Data for this task:
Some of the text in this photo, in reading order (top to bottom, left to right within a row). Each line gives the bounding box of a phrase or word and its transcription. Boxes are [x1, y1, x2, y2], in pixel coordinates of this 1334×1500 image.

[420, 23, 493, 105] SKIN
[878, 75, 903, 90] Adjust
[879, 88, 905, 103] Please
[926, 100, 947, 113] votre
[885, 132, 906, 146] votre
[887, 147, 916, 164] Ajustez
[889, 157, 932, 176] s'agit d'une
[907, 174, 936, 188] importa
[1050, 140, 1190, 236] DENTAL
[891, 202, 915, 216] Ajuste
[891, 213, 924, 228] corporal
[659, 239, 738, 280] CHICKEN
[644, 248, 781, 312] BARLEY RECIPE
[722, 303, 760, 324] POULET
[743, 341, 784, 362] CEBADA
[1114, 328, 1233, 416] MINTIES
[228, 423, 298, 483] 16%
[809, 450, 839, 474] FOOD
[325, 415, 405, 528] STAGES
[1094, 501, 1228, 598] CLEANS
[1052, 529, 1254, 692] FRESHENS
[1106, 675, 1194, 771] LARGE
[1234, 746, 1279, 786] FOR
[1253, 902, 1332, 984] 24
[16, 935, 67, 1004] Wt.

What this task involves: Reproduce the entire listing so that it matches the original in every line.

Finished task:
Some of the text in this photo, in reading order (top to bottom, left to right within a row). Each line gives the bounding box of a phrase or word and its transcription. Boxes are [x1, y1, x2, y2], in pixel coordinates of this 1334×1500 image.

[420, 23, 493, 105] SKIN
[878, 75, 903, 90] Adjust
[879, 88, 905, 103] Please
[926, 100, 947, 113] votre
[885, 132, 906, 146] votre
[887, 147, 916, 164] Ajustez
[889, 157, 932, 176] s'agit d'une
[907, 174, 936, 188] importa
[1050, 140, 1190, 236] DENTAL
[891, 202, 915, 216] Ajuste
[891, 213, 924, 228] corporal
[659, 239, 738, 280] CHICKEN
[644, 248, 781, 312] BARLEY RECIPE
[722, 303, 760, 324] POULET
[743, 341, 784, 362] CEBADA
[1114, 328, 1233, 416] MINTIES
[228, 423, 298, 483] 16%
[809, 450, 839, 474] FOOD
[325, 415, 405, 528] STAGES
[1094, 501, 1228, 598] CLEANS
[1052, 529, 1254, 692] FRESHENS
[1106, 675, 1194, 771] LARGE
[1234, 746, 1279, 786] FOR
[1253, 902, 1332, 984] 24
[16, 935, 67, 1004] Wt.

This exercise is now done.